Personally, I think that humans have a much greater potential for innovations such as these (sandals made from tires or the incubators made from car parts). I think that the former point made by Gould is the reason why these innovations are not made more often (or we are not made aware of them). I think part of our capitalist society is the motivation to get ahead, and so innovators, even from the fourth quadrant, tend to be focused on advancing this country, and not focused on benefiting poorer nations and people. This is obviously not necessarily always the case, as there are tons of inventions from and in developed countries that have and can help out poorer nations. But I think the focus is usually on making a prosperous country more prosperous, and finding more efficient ways to do this. I think with a cooperative effort from many prosperous nations and the creative minds within, by creating networks that are much more international and internationally accessible, we can greatly expand the “wheel of quirky and unpredictable functional shift [that] we call progress at all scales”.
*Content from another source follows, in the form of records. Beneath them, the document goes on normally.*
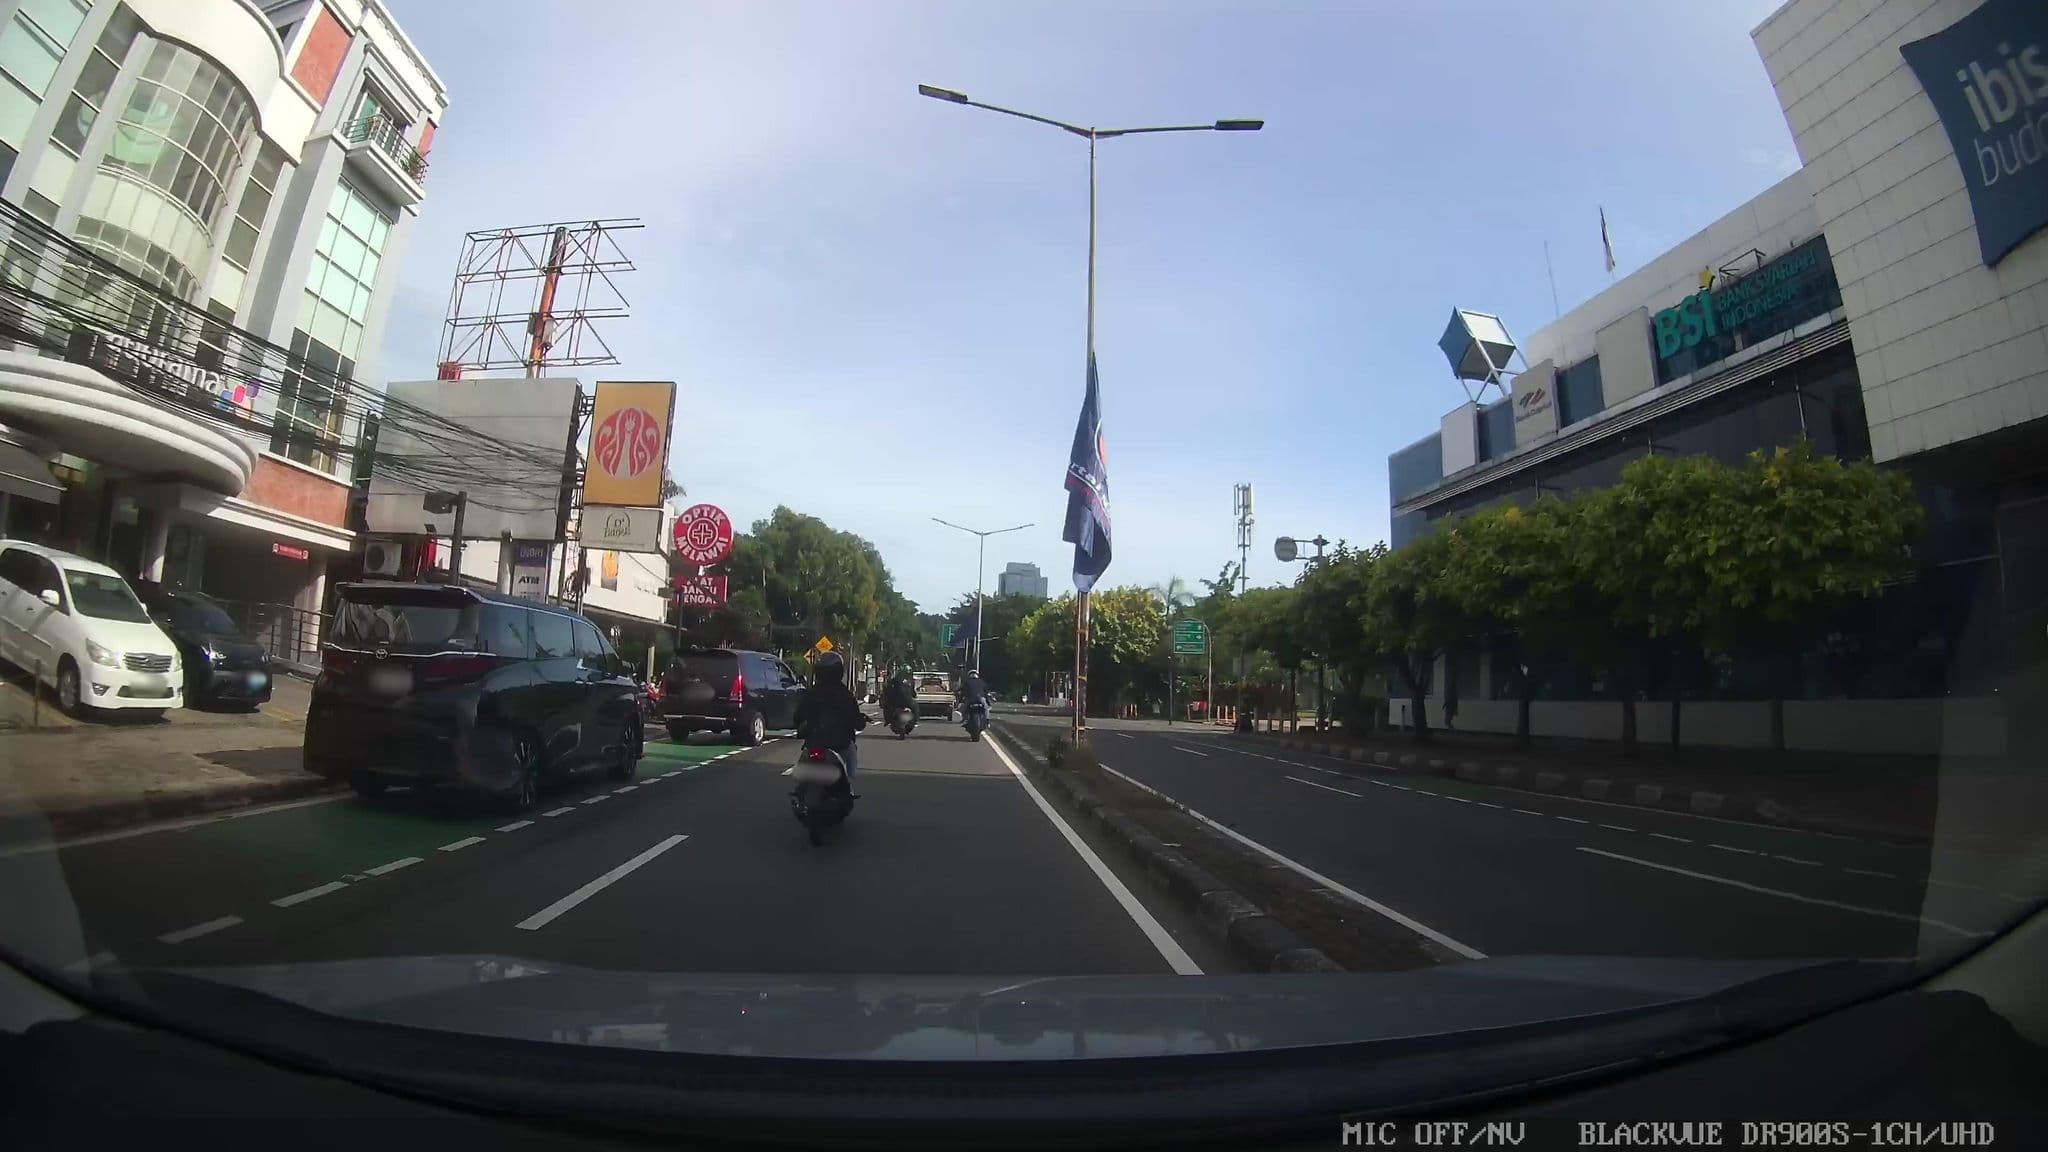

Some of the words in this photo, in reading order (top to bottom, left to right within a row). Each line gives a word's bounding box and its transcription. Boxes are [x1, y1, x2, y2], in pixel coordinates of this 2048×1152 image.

[1956, 41, 2048, 132] ibis
[1719, 283, 1754, 311] BANK
[1721, 286, 1800, 331] INDONESIA
[1655, 290, 1717, 360] BSI
[682, 506, 726, 527] OPTIK
[676, 536, 729, 561] MELAWAI
[518, 576, 540, 585] ATM
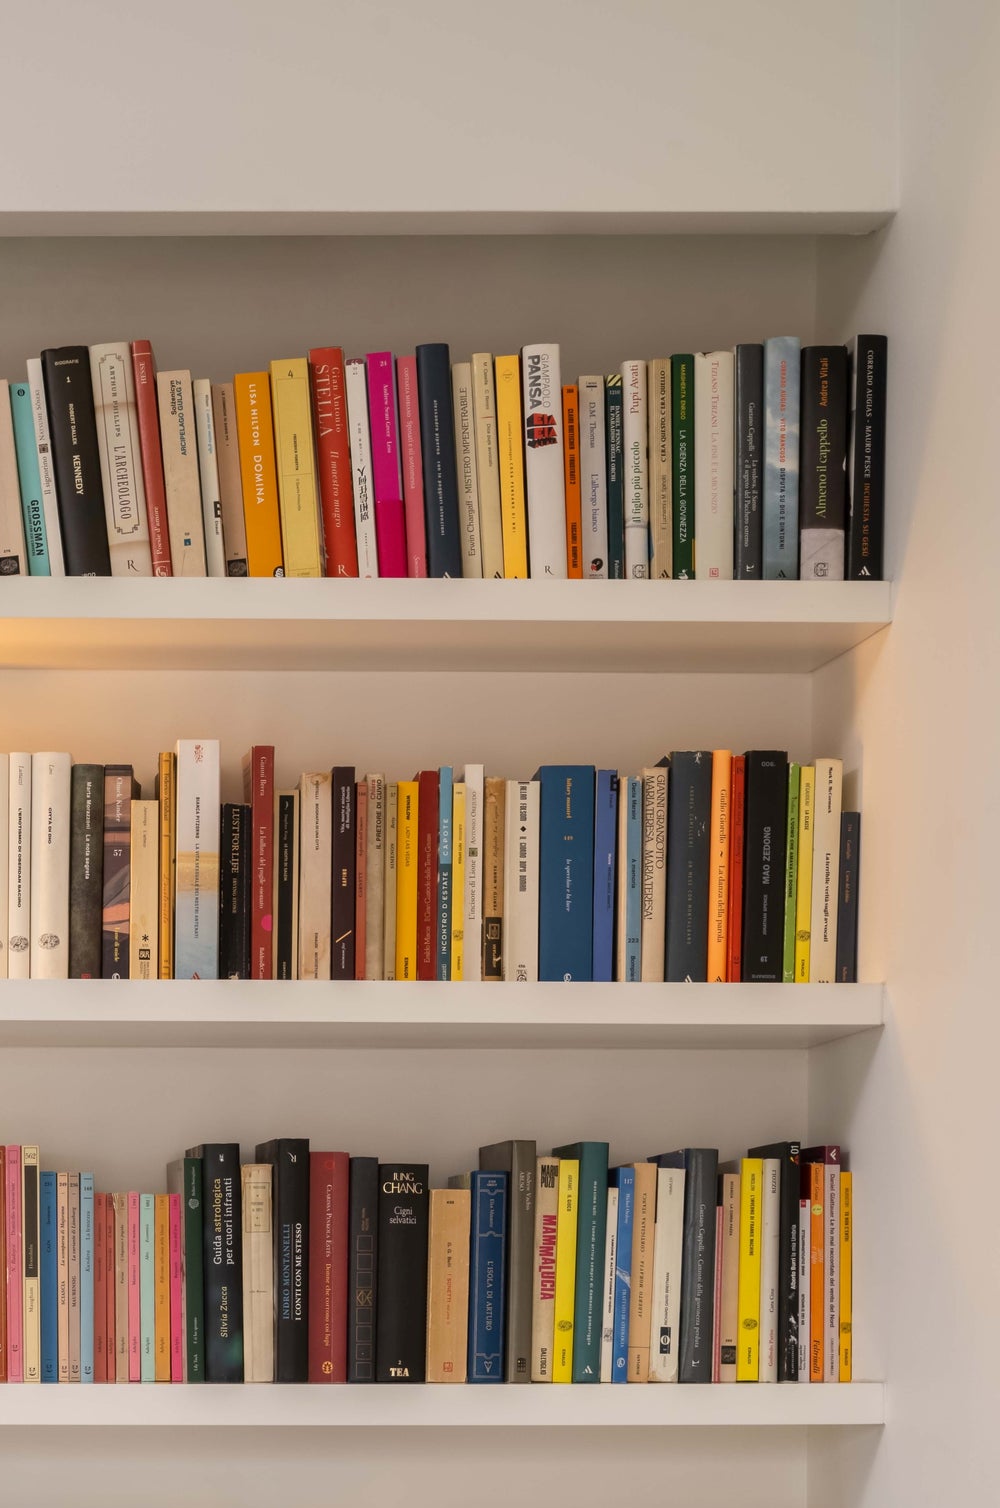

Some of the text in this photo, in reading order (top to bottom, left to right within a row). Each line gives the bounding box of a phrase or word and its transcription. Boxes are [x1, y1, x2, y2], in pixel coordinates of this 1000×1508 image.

[528, 355, 542, 409] PANSA
[541, 353, 550, 408] GIAMPAOLO
[819, 380, 827, 406] Andrea
[316, 364, 334, 437] STELLA
[630, 392, 639, 414] Pupi
[112, 400, 121, 437] PHILLIPS
[631, 441, 642, 473] piccolo
[817, 419, 830, 463] cappello
[74, 454, 84, 494] KENNEDY
[114, 446, 131, 519] L'ARCHEOLOGO
[254, 455, 264, 504] DOMINA
[632, 476, 642, 489] più
[632, 492, 642, 513] figlio
[816, 474, 826, 518] Almeno
[30, 500, 43, 555] GROSSMAN
[656, 813, 664, 869] GRANZOTTO
[791, 1145, 799, 1154] 01
[383, 1180, 422, 1193] CHANG
[393, 1172, 414, 1181] JUNG
[213, 1179, 223, 1264] Guida astrologica
[389, 1215, 416, 1224] selvatici
[394, 1206, 412, 1217] Cigni
[296, 1255, 301, 1266] ME
[389, 1368, 408, 1376] TEA
“The Meulaboh incubators were a representative sample: some studies suggest that as much as 95 percent of medical technology donated to developing countries breaks within the first five years of use”- Johnson 27
This is simply stunning to me as I had no idea that this was the case. When I hear about medical donations to developing countries I have nothing but praise and appreciation for the companies, but now I see them with a new perspective. The developing countries need a way or assistance to develop technology, especially a kind that caters to their environment, not just to be given other’s technology. The human baby incubator made from car parts was truly amazing and a revolutionary idea itself. This makes me wonder what other innovations people can come up with the cater to specific needs in developing countries that can also be renewed, developed, and improved upon easily by the people themselves using their own resources. I can imagine what a difference some kind of water purifier would be to locals and their children if they could build it themselves for minimal costs!